Главное, неясно, каким образом будет решаться главная проблема – отсутствие спроса для возобновления экономического роста. Теоретически это должно привести к новому технологическому рывку и краху старых глобальных монополий, однако пока даже известные сверхпроизводительные технологии блокируются этими монополиями весьма эффективно. Исключения – «сланцевые технологии» добычи нефти и газа и доступные 3D-принтеры, несмотря на свое значение и нарастающее распространение, – пока остаются лишь подчеркивающими правило исключениями.

Но главное заключается в том, что даже в случае нового технологического рывка массовое применение новых сверхпроизводительных и доступных технологий, недаром названных «закрывающими», сделает ненужными огромные массы работающих сегодня людей, последующая судьба которых, мягко говоря, неясна.

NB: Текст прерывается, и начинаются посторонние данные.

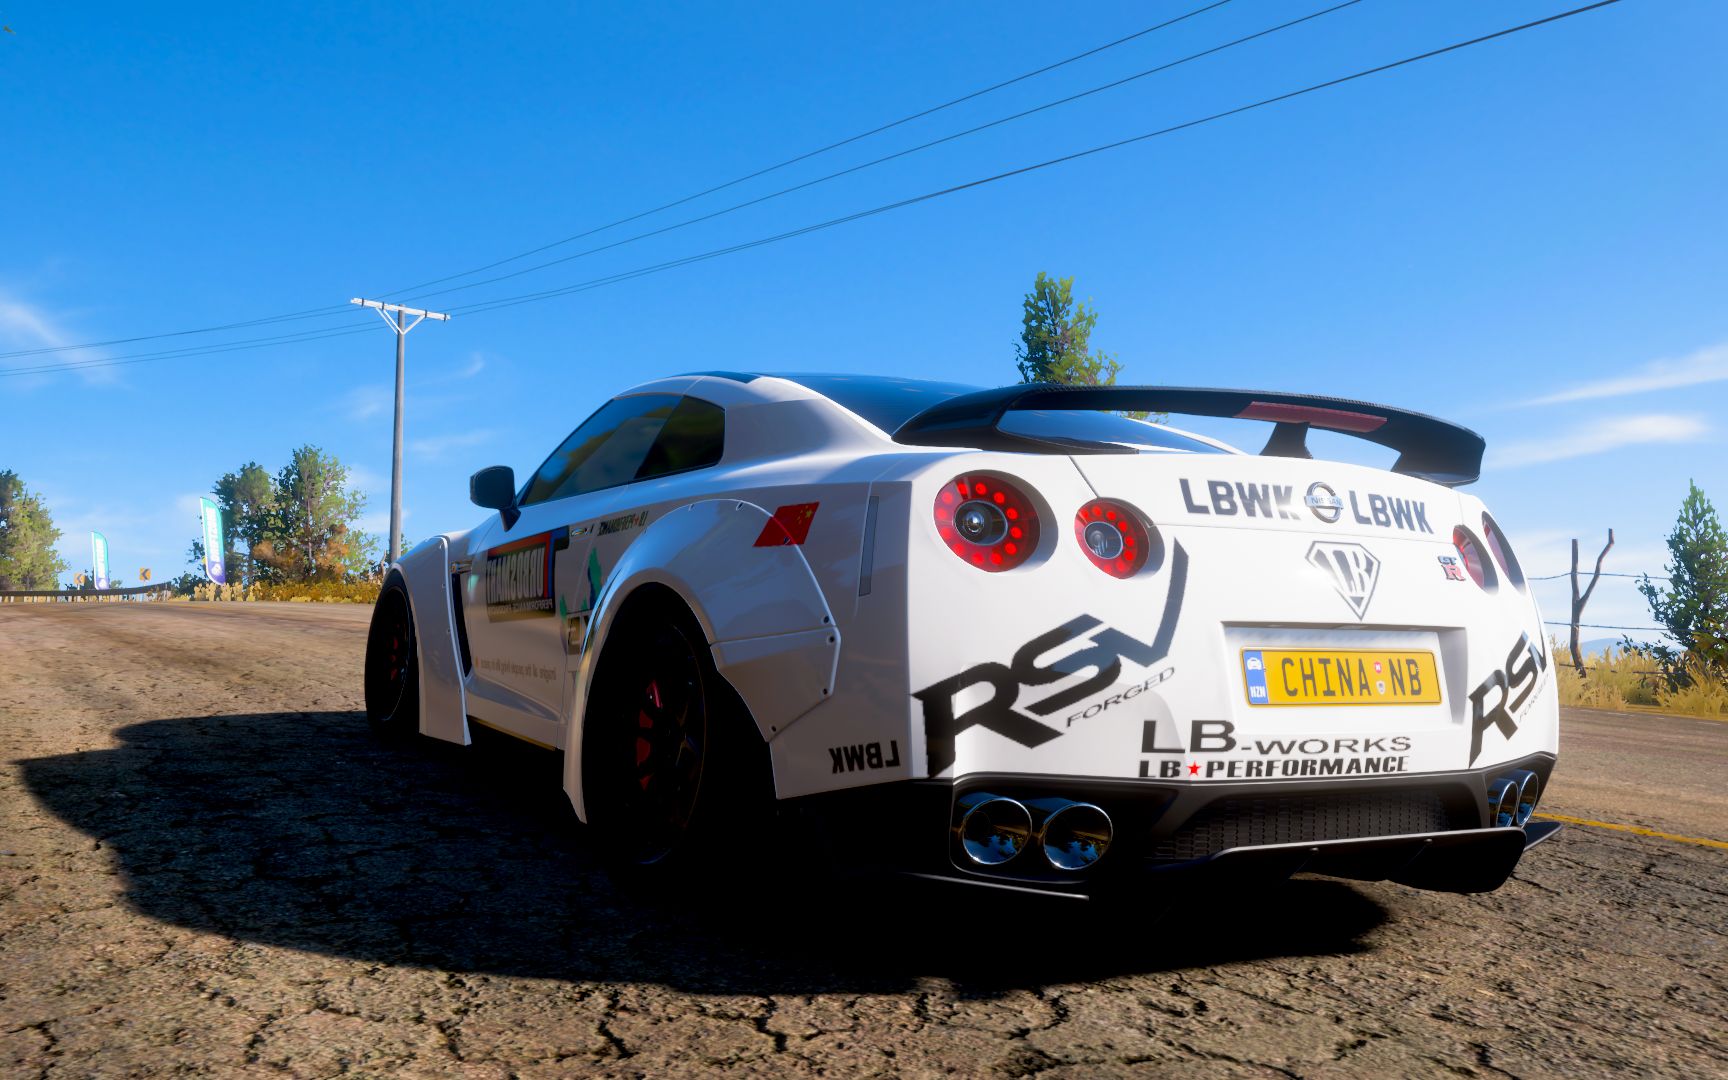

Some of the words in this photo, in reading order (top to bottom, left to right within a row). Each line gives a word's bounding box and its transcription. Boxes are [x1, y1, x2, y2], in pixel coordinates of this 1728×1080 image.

[1179, 478, 1301, 520] LBWK
[1349, 490, 1434, 534] LBWK
[1066, 666, 1175, 727] FORGED
[1281, 657, 1372, 697] CHINA
[1388, 658, 1422, 696] NB
[1142, 720, 1411, 755] LB-WORKS
[1206, 756, 1408, 778] PERFORMANCE
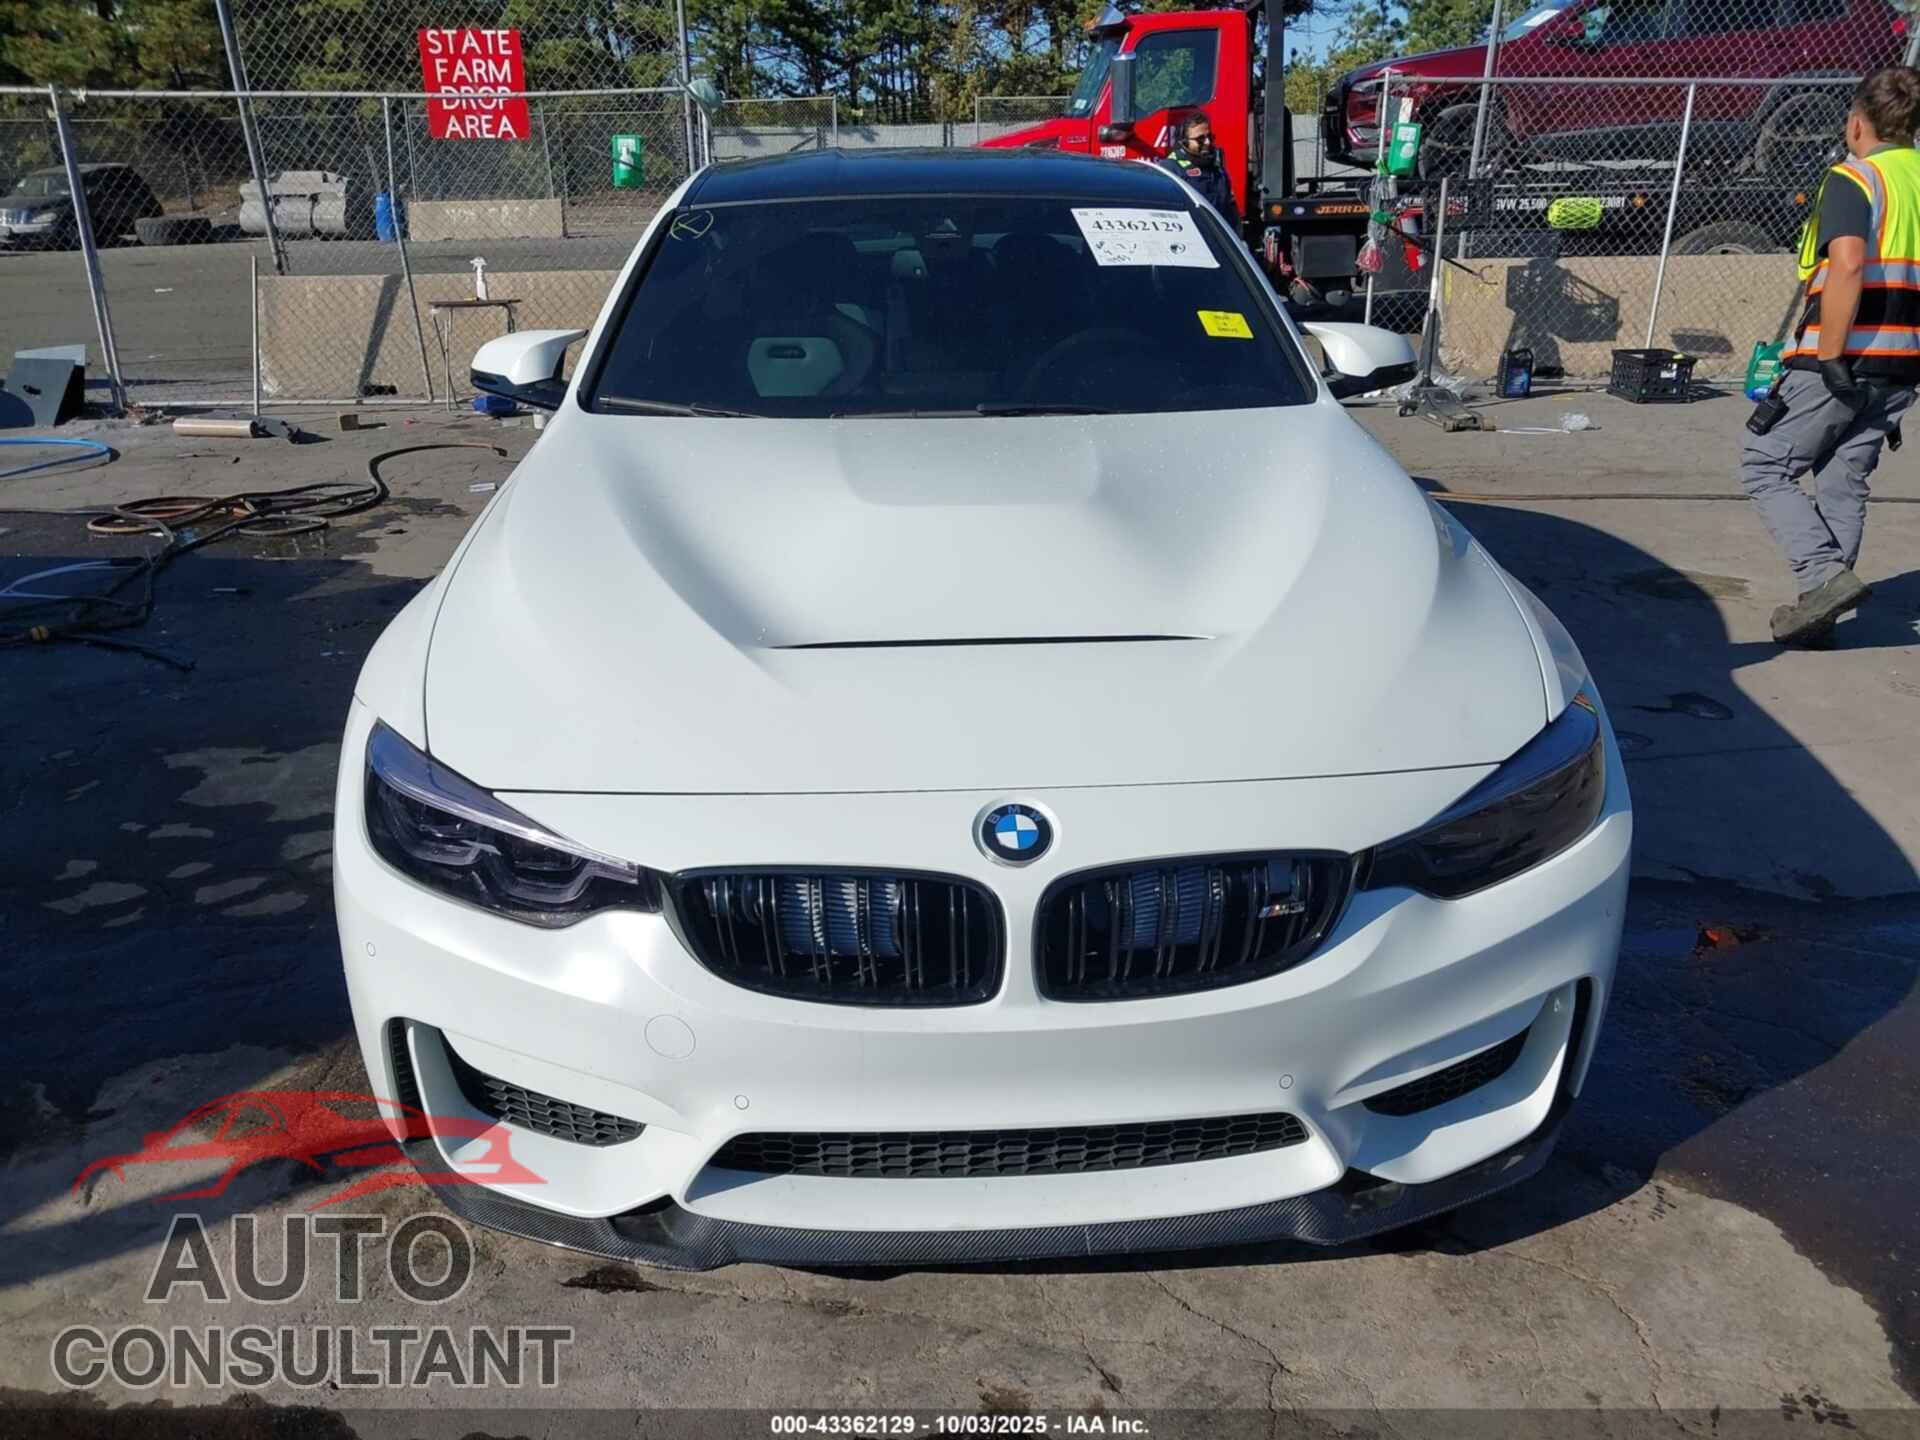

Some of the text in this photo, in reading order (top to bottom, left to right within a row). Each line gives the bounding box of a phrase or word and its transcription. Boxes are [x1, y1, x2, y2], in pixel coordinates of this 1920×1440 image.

[426, 29, 513, 55] STATE
[435, 58, 512, 83] FARM
[441, 85, 512, 110] DROP
[445, 115, 517, 139] AREA
[1092, 220, 1184, 233] 43362129
[987, 804, 1043, 824] BMW

Выход из глобальной депрессии, в которую мы входим, изменит весь облик современного человечества, но произойдет это не очень скоро.

Потребление на песке

Ситуация в России хуже ситуации в развитых странах, так как наша экономика значительно менее разнообразна и потому менее жизнеспособна. Все 2000-е годы пресловутое «подымание с колен» шло целиком и полностью за счет экспортной выручки, которая более чем на 60 % зависела от цен на нефть (причем эта доля неуклонно росла). Заклинания официальных пропагандистов о том, что экономический рост «во все большей степени формируется внутренним спросом», в общем, соответствовали действительности – с той маленькой поправкой, что сам этот внутренний спрос генерировался в основном все той же экспортной выручкой, просто прошедшей через большее число рук.

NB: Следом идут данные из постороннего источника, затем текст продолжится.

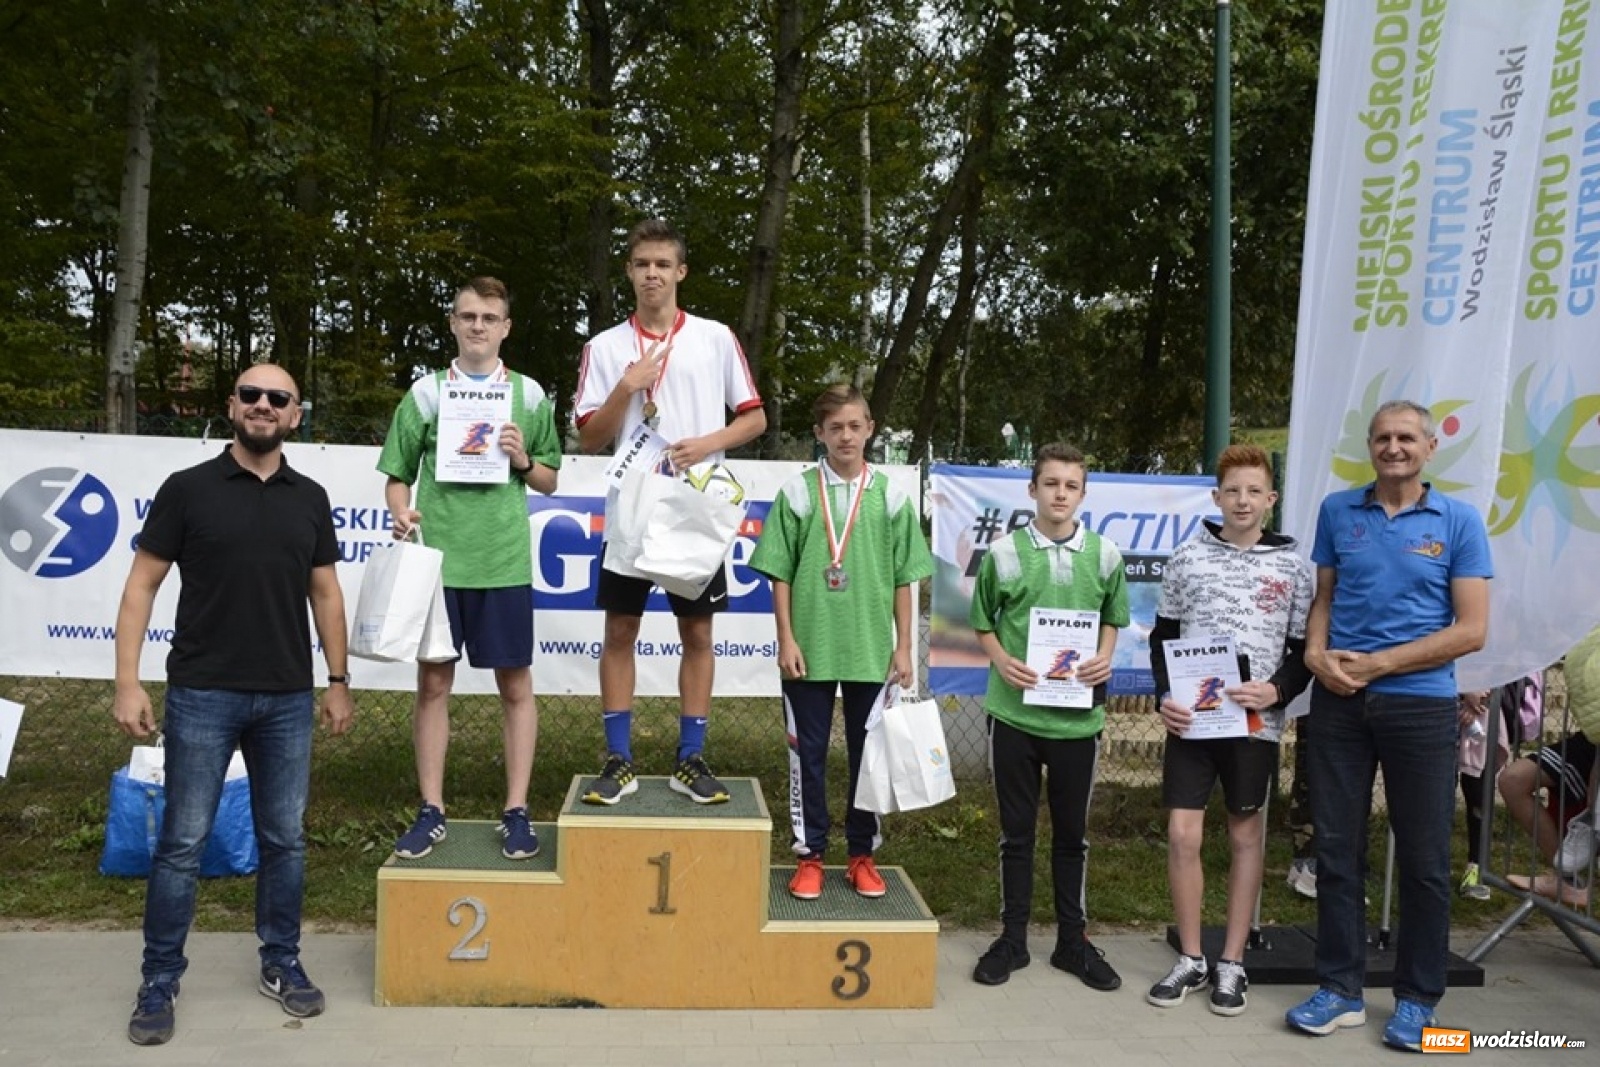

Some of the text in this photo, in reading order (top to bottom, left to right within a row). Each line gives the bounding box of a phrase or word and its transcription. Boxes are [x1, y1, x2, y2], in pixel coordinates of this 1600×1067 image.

[1460, 44, 1528, 322] Wodzisław Śląski
[1524, 0, 1592, 321] SPORTU I REKR
[1422, 108, 1478, 326] CENTRUM
[1353, 175, 1396, 333] MIEJSKI
[449, 391, 506, 401] DYPLOM
[614, 432, 651, 479] DYPLOM
[1038, 618, 1093, 630] DYPLOM
[1172, 646, 1229, 658] DYPLOM
[647, 851, 678, 915] 1
[447, 895, 491, 961] 2
[830, 939, 873, 1000] 3

С 2006 года российская экономика шла уже «на двух ногах»: в дополнение к экспортной выручке фактором развития стали внешние займы. Вспоминая кликушество официальной пропаганды о «притоке иностранных инвестиций в Россию», не следует забывать о том, что 90 % этих кредитов на самом деле составляли кредиты.

Причина массового кредитования российского бизнеса была вульгарной и заключалась в государственной политике.

Напомню, что реальный смысл «либеральных и рыночных» реформ заключался в освобождении правящей бюрократии от всякого внешнего контроля. Эта цель была окончательно достигнута к концу 2003 года, и дело «ЮКОСа» стало символом завершения этого процесса. А полностью освободившийся от всякого внешнего контроля чиновник, порожденный российскими реформами (то есть искренне не верящий в само существование «общественного блага», которому он вообще-то обязан служить), имеет огромные стимулы к коррупции и практически никаких – к содержательной работе.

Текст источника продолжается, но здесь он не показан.